#### [Prompt]
Transcribe every entry word for word. Skip the pictures.

#### [Data provided]
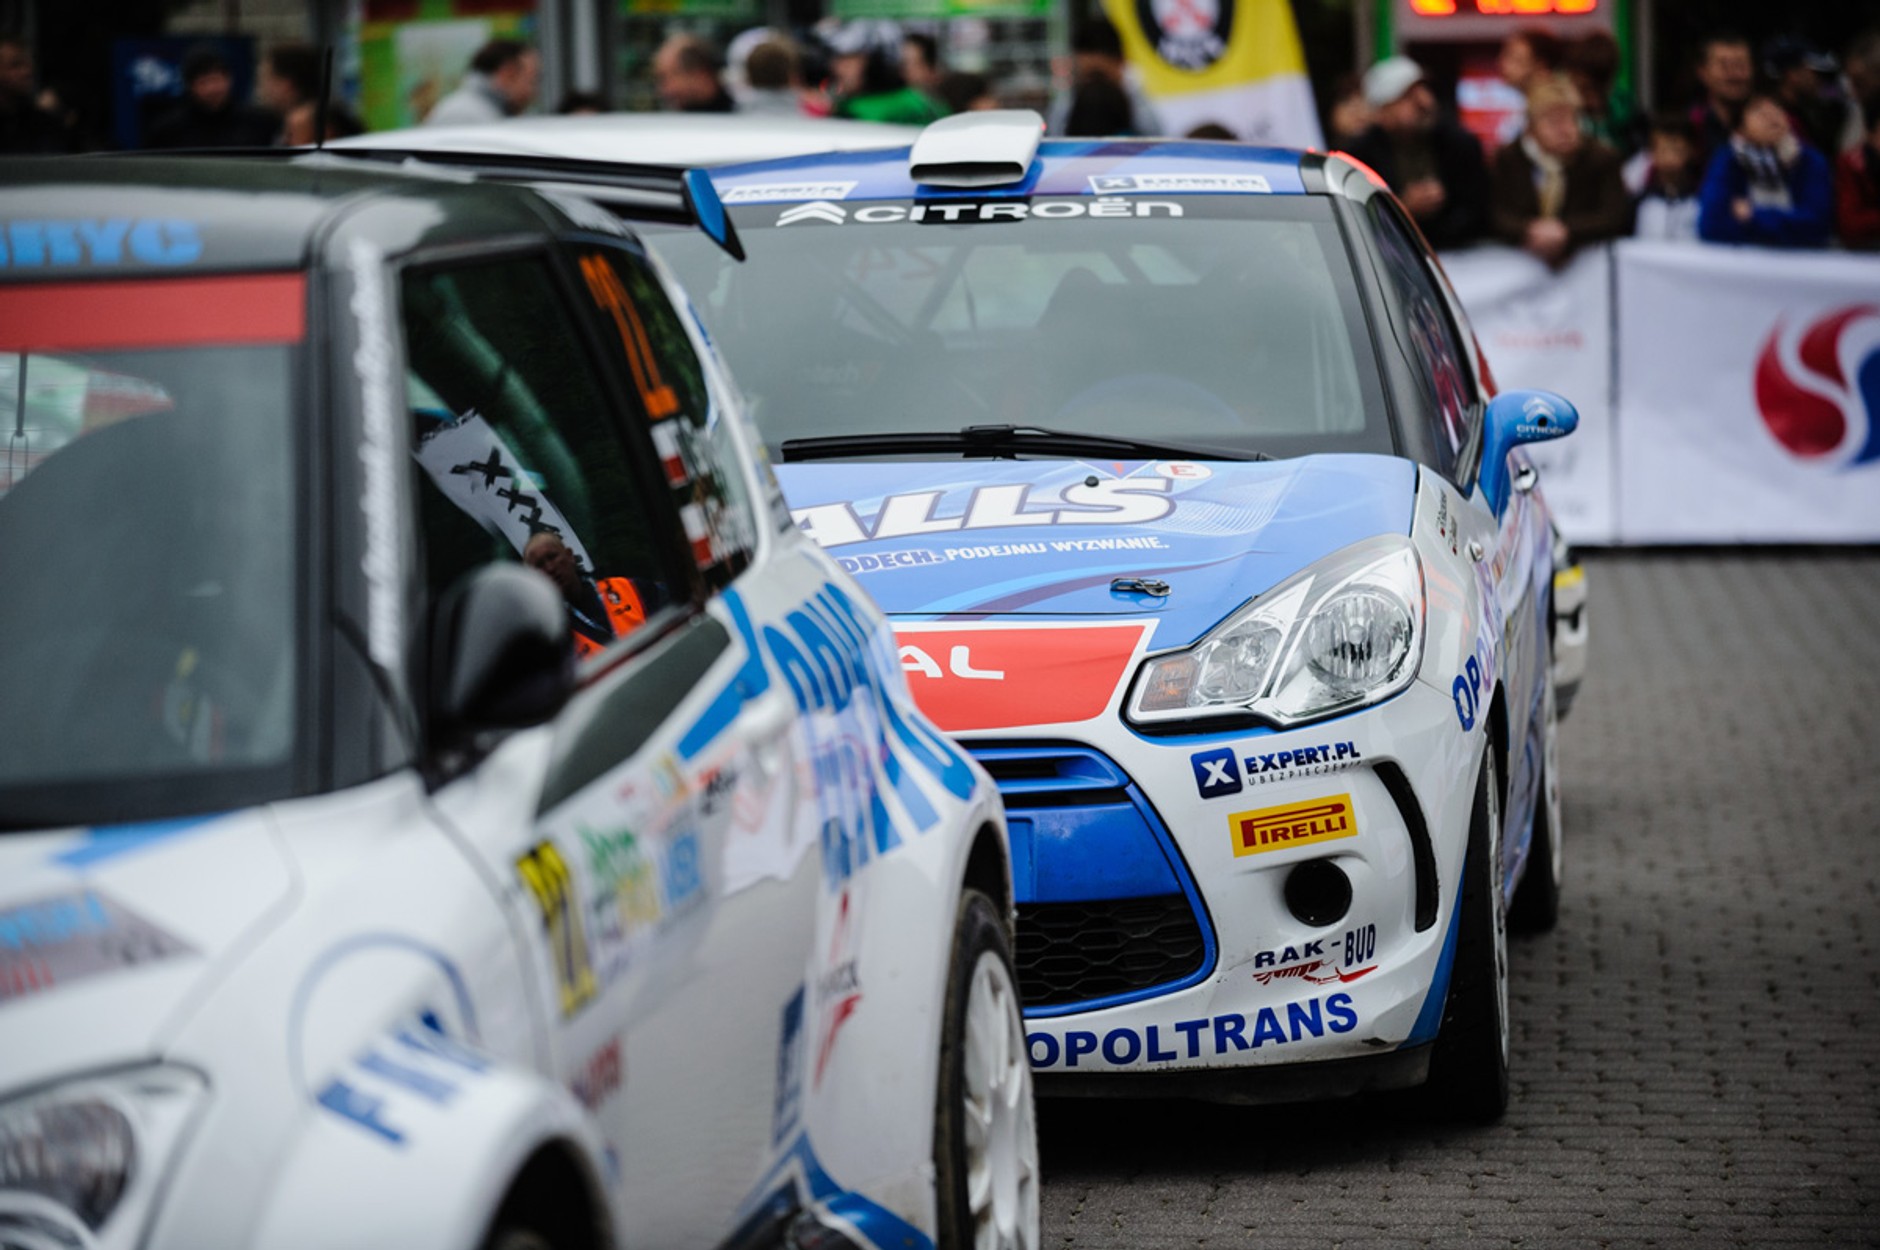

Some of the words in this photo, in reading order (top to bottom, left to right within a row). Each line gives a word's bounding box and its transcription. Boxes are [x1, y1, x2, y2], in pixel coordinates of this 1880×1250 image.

[853, 196, 1184, 223] CITROËN
[788, 475, 1178, 549] ALLS
[1050, 536, 1170, 551] WYZWANIE.
[1244, 741, 1360, 775] EXPERT.PL
[1240, 803, 1347, 848] PIRELLI
[1025, 992, 1358, 1068] OPOLTRANS
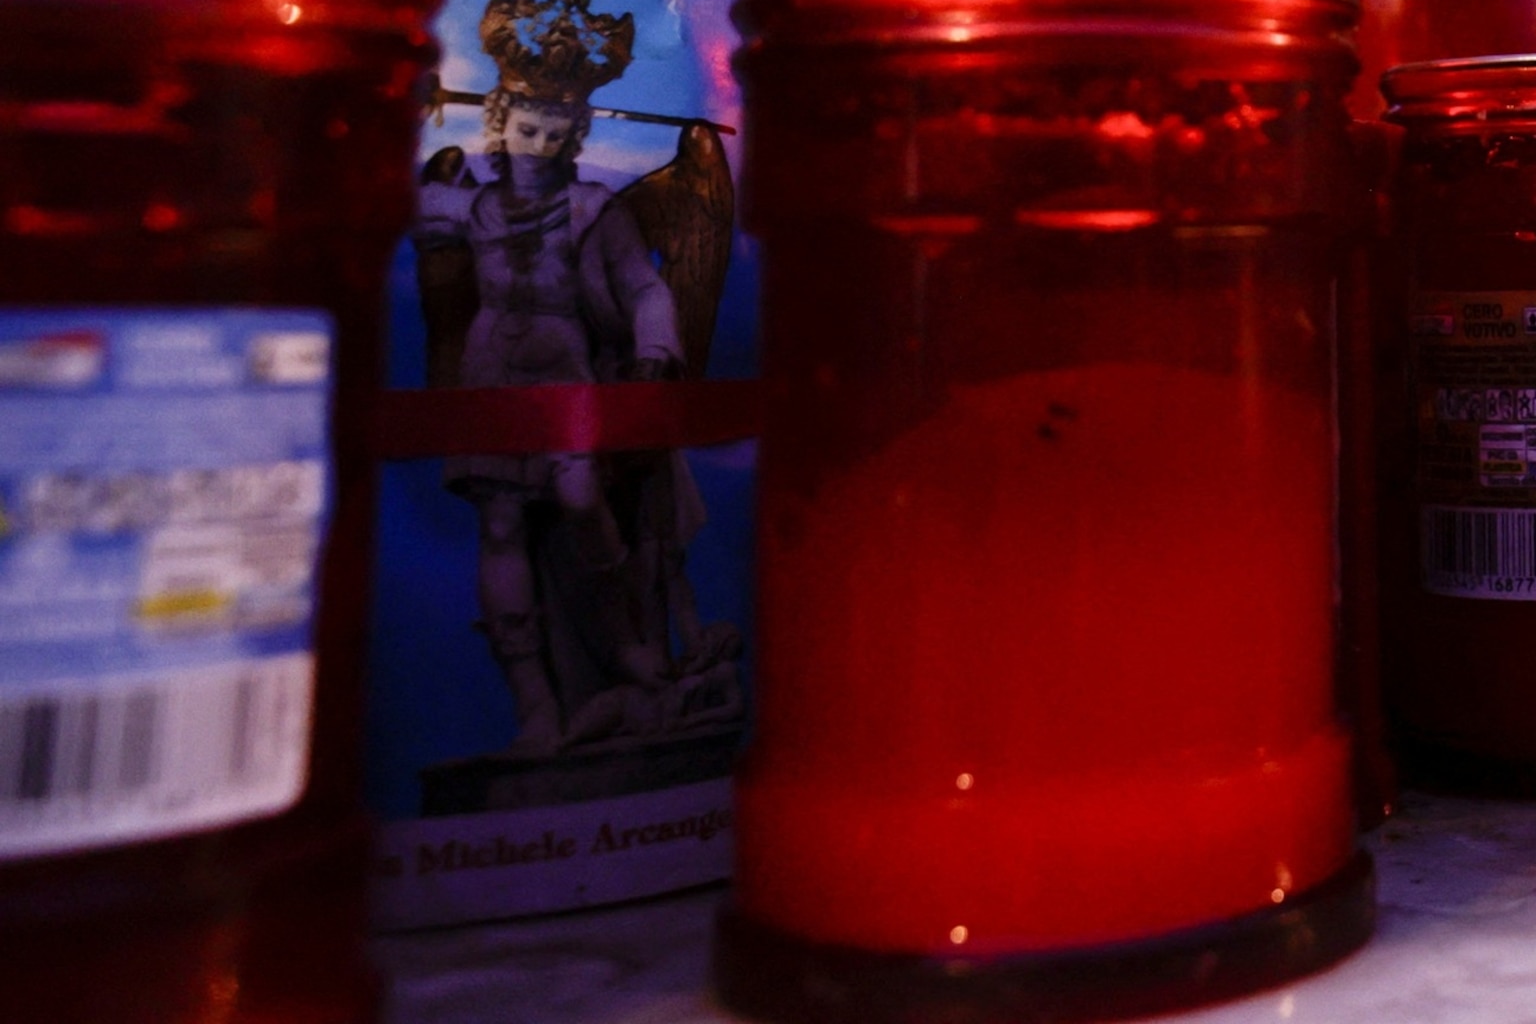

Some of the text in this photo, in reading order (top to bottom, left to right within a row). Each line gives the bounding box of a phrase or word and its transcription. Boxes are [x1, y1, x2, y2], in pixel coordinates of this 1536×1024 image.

[1463, 303, 1503, 320] CERO
[1463, 321, 1516, 338] VOTIVO
[418, 831, 576, 875] Michele
[590, 808, 732, 854] Arcange
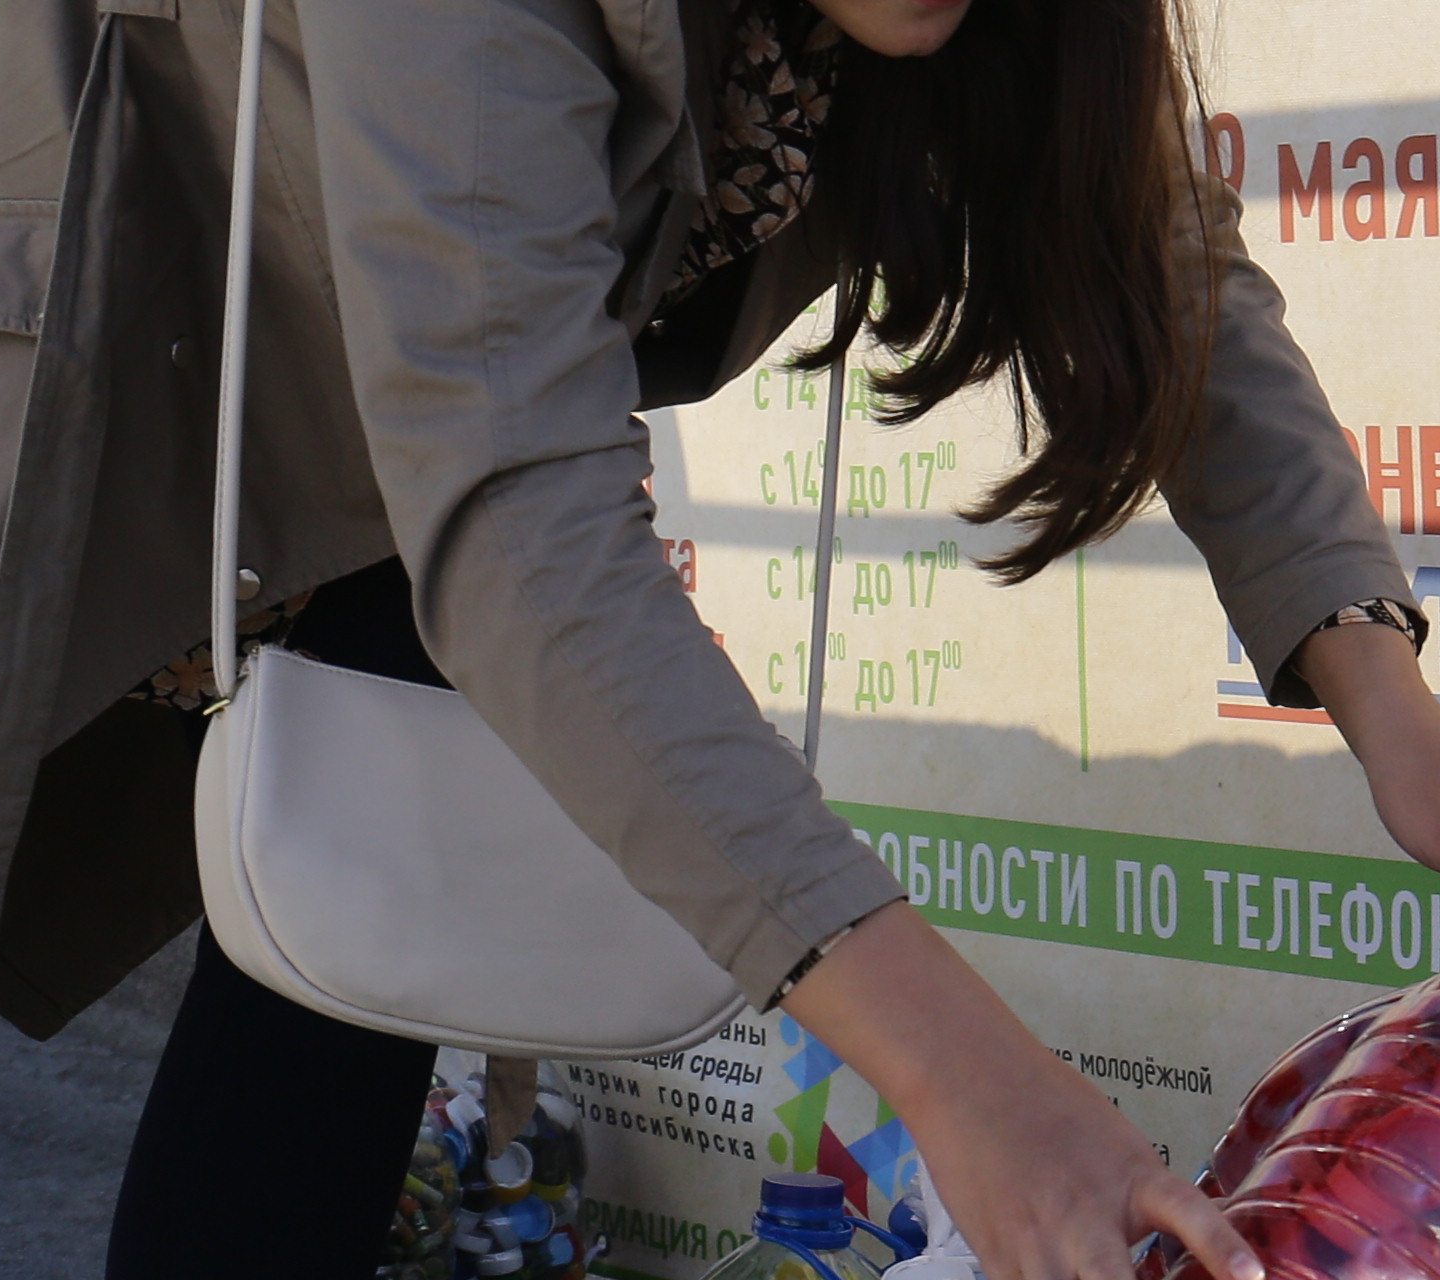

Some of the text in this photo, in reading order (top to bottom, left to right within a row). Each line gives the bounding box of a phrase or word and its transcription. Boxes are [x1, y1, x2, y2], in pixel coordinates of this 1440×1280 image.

[1277, 134, 1440, 243] мая
[761, 463, 776, 505] с
[847, 465, 887, 518] до
[767, 558, 782, 600] с
[853, 563, 892, 615] до
[768, 652, 783, 694] с
[855, 659, 895, 713] до
[1116, 859, 1177, 939] ПО
[719, 1022, 766, 1047] аны
[568, 1063, 754, 1123] мэрии города
[689, 1054, 762, 1086] среды
[1080, 1056, 1212, 1095] молодёжной
[573, 1093, 756, 1161] Новосибирска
[582, 1197, 708, 1260] РМАЦИЯ

#### [Answer to this problem]
Some of the words in this photo, in reading order (top to bottom, left to right within a row). Each line gives a word's bounding box and its transcription. Boxes are [x1, y1, x2, y2], in pixel coordinates of this 1880×1250 image.

[853, 196, 1184, 223] CITROËN
[788, 475, 1178, 549] ALLS
[1050, 536, 1170, 551] WYZWANIE.
[1244, 741, 1360, 775] EXPERT.PL
[1240, 803, 1347, 848] PIRELLI
[1025, 992, 1358, 1068] OPOLTRANS

Some of the text in this photo, in reading order (top to bottom, left to right within a row). Each line gives the bounding box of a phrase or word and its transcription. Boxes are [x1, y1, x2, y2], in pixel coordinates of this 1536×1024 image.

[1463, 303, 1503, 320] CERO
[1463, 321, 1516, 338] VOTIVO
[418, 831, 576, 875] Michele
[590, 808, 732, 854] Arcange

Some of the text in this photo, in reading order (top to bottom, left to right within a row). Each line gives the bounding box of a phrase or word and its transcription. Boxes are [x1, y1, x2, y2], in pixel coordinates of this 1440×1280 image.

[1277, 134, 1440, 243] мая
[761, 463, 776, 505] с
[847, 465, 887, 518] до
[767, 558, 782, 600] с
[853, 563, 892, 615] до
[768, 652, 783, 694] с
[855, 659, 895, 713] до
[1116, 859, 1177, 939] ПО
[719, 1022, 766, 1047] аны
[568, 1063, 754, 1123] мэрии города
[689, 1054, 762, 1086] среды
[1080, 1056, 1212, 1095] молодёжной
[573, 1093, 756, 1161] Новосибирска
[582, 1197, 708, 1260] РМАЦИЯ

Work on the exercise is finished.